Gutman also says that it’s important to have the right people around you and to stay positive. On that count, he is certainly right. Basing ourselves in suburban Melbourne during this period was probably less than ideal. It would seem easier to stay positive in a place like Silicon Valley among a community of fellow travellers.

Positivity is hard (whoever you are). However, as Gutman says, we all live in a bubble where our perception of difficultly is based on our own perspective. First world problems surely do not equate with the difficulties faced by those living in poverty.

One must keep their sense of perspective and their sense of humour. As Gail Kelly (the ex-CEO of Westpac) has said: “One should actively choose to be positive, to see the world from a glass half-full perspective”. It’s really not feasible to see the world any other way.

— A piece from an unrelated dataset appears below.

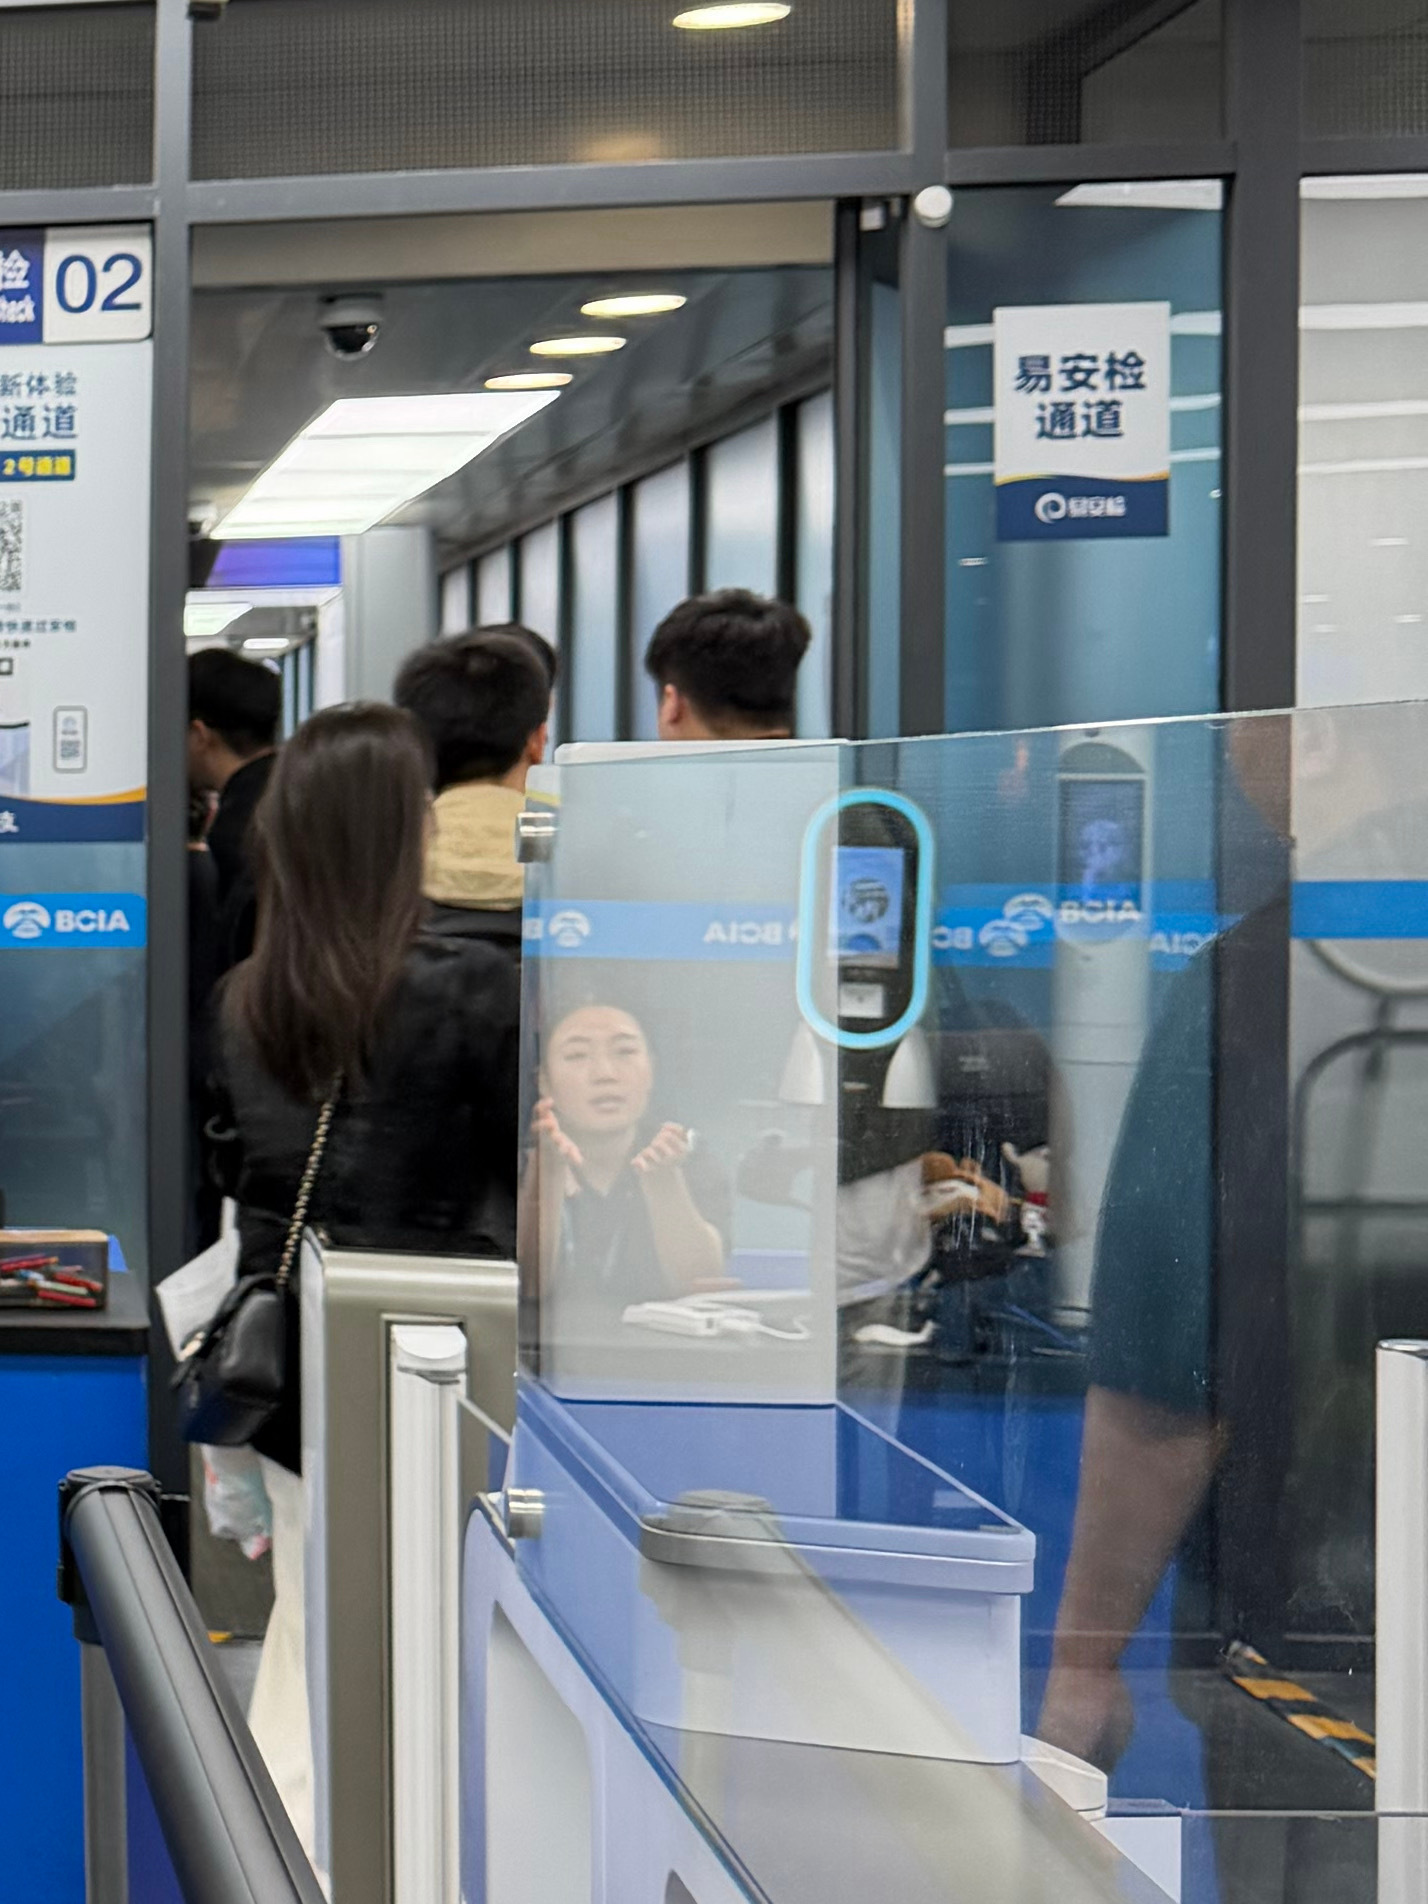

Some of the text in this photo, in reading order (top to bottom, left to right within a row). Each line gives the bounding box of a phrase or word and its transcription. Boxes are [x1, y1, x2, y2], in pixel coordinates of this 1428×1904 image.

To take a biblical reference, Paul posits in Phillipians that one must master the art of being content in all situations.

Our motivators

  1. We started Twoodie because we feel that the toy market has been neglected. The “physical” toy industry has been mass producing the same toys based on movie spin-off for generations. We thought it was time to review and re-think this market for a digital age. Toys are also a platform for influencing the next generation by educating them in concepts like sustainability, sharing and design from a young age.
  2. We believe in mission driven businesses i.e. that businesses that place a particular mission before profit do better. We do not believe profit is unimportant, but that companies which focus on making the customer happy (and take a broad view of their role as a social institution) do better over the long term.
  3. We wanted to experiment in innovative retailing strategies such as vertical integration, transport supply chains and omni-channel.
  4. We also wanted to learn and test ourselves. This means preparing oneself for the new economy by participating in the digital revolution. It also means growing one’s character by testing it in challenging circumstances.